The health of Indian banks continued to improve in 2021-22 with their balance sheet growing at double digits after a gap of seven years and their asset quality and capital position bettering, the Reserve Bank of India (RBI) said in its annual report on trend and progress of banking in India.

The banking regulator has also flagged the issue of slippages from restructured accounts. “Going forward, it is imperative that banks ensure due diligence and robust credit appraisal to limit credit risk. 

What more has the RBI report said?

“If downside risks materialise, asset quality could be affected. Hence, slippages in restructured assets need to be monitored closely,” it said, adding that timely resolution of stressed assets was essential to prevent asset value depletion.

Surplus liquidity in the banking system has been falling in recent months. Liquidity has even slipped into deficit on more than one occasion. However, the RBI has assured liquidity support to the productive sectors.

And what has this growth trajectory ensured?

According to the report, the growth in banks’ balance sheet, particularly for public sector banks (PSBs), ensured that the latter still have the lion's share in the deposit and advances market. According to the report, PSBs account for 62 per cent of the deposits of scheduled commercial banks, while on loans, they corner 58 per cent market share.

Credit growth of banks was at a 10-year high at the end September 2022, the report said.

What has the RBI said on the asset quality of the Indian banking system?

The asset quality of Indian banks continued to improve with gross non-performing assets (GNPAs) as a percentage of gross advances further falling in September 2022, to 5 per cent, as compared to 5.8 per cent in March 2022. “This decrease was led by lower slippages as well as reduction in outstanding GNPAs through recoveries, upgradations and write-offs,” the report said.

In 2021-22, the reduction in NPAs was mainly contributed by written-off loans in the case of PSBs, while upgradation of loans was the primary driver for asset quality improvement for private banks.

What about profitability?

Commenting on the profitability of commercial banks, the report said their return on equity (RoE) and return on assets (RoA) improved to levels last observed in 2014-15.

And how good has the banks’ capital adequacy ratio been?

The report observed that the capital adequacy ratio (CAR) has been increasing for the banking sector in the last few years.
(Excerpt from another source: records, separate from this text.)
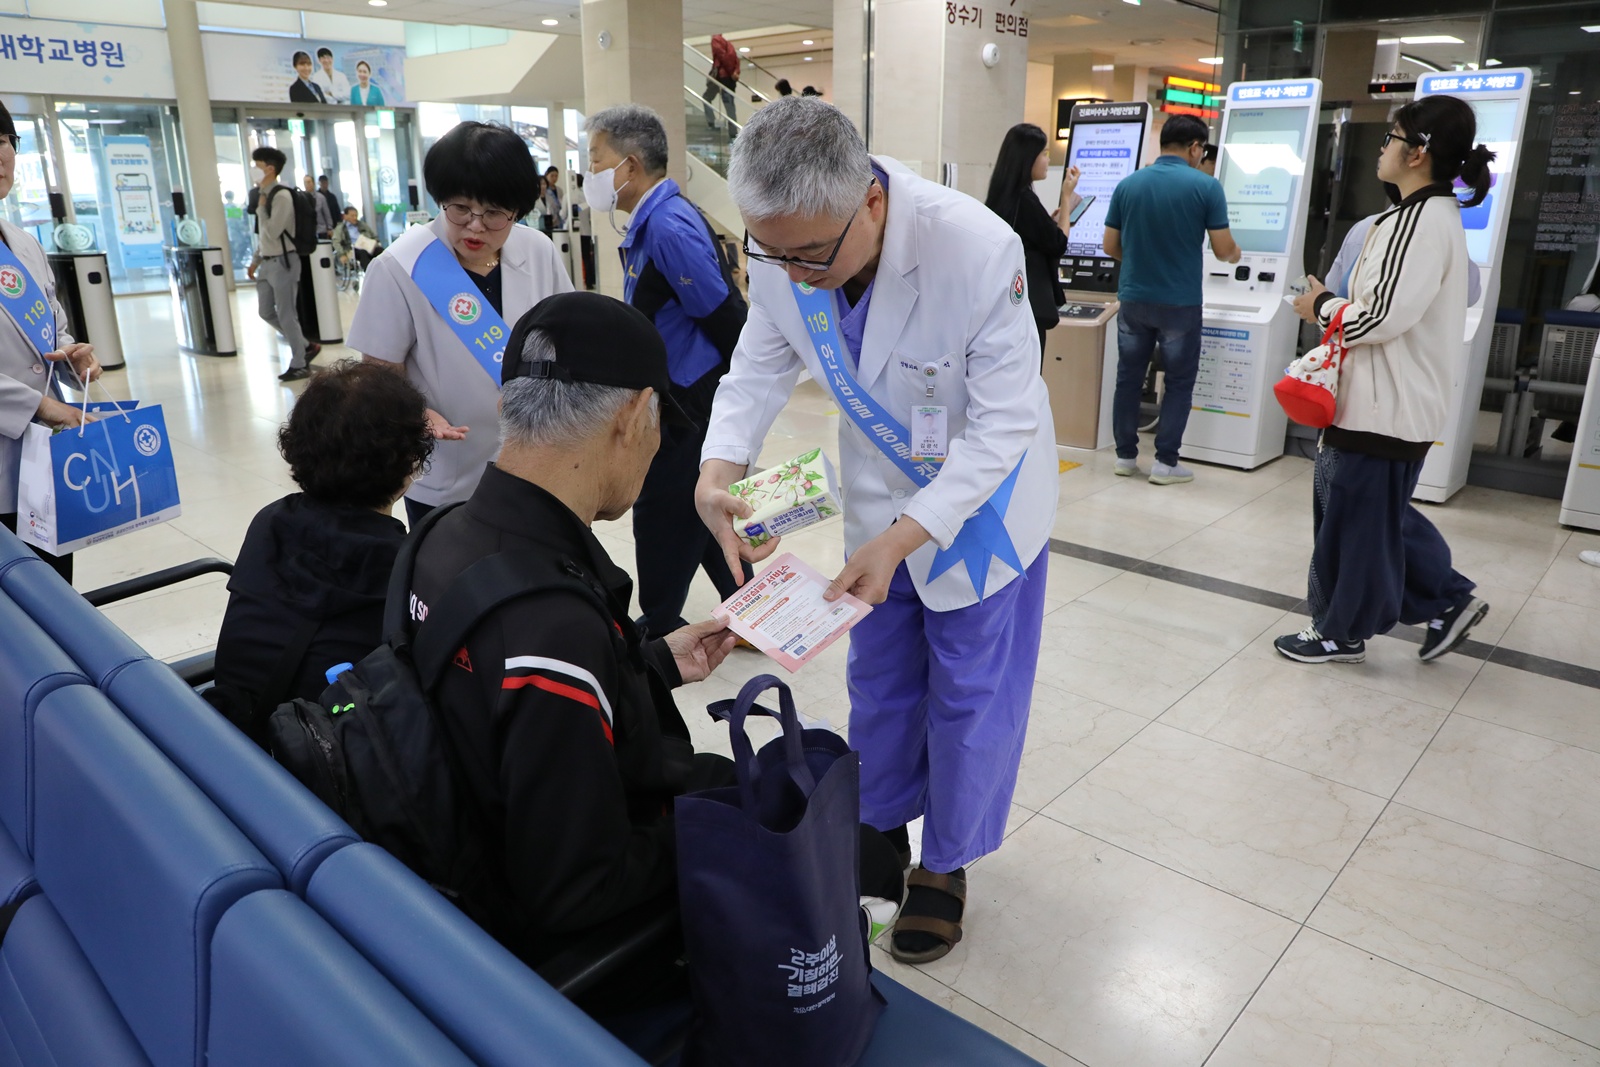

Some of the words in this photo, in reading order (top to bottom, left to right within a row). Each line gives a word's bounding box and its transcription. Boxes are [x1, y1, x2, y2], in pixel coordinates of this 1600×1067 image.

[946, 1, 982, 29] 정수기
[995, 12, 1029, 38] 편의점
[24, 300, 46, 326] 119
[808, 311, 829, 334] 119
[475, 325, 504, 350] 119
[728, 601, 744, 614] 119
[1321, 640, 1339, 653] N
At end-September 2022, the CAR of scheduled commercial banks stood at 16 per cent.

How are Indian banks placed when it comes to mark to market losses?

While rising interest rates could cause mark-to-market losses for banks, the report said data from select banks suggested at end-September 2022 that, ceteris paribus, banks would remain adequately capitalised even after making necessary provisions for MTM losses due to a rise in yield.

Have contingent liabilities been in check?

On off-balance-sheet operations, the report said contingent liabilities’ growth of all SCBs crossed 23 per cent – the highest in 11 years – led by growth in forward exchange contracts, and acceptances and endorsements. As a proportion of balance sheet size, contingent liabilities increased from 119 per cent in 2020-21 to 133 per cent in 2021-22.

“Foreign banks’ contingent liabilities are more than 10 times their balance sheet size and constitute about half of the banking system’s total off-balance sheet exposures. Their non-interest income, however, has not increased commensurately,” the report said.

And have banks been growing their physical branch networks?

The report also noted that, after declining for two consecutive years, new bank branches opened by commercial banks increased by 4.6 per cent during 2021-22. The growth was led by new branches opened in Tier 4, Tier 5 and Tier 6 centres.

“Although the share of Tier 2 and Tier 3 centres in new branches declined in 2021- 22 from a year ago, more than half of the new branches opened during the year were in Tier 1 and Tier 3 centres,” the report said.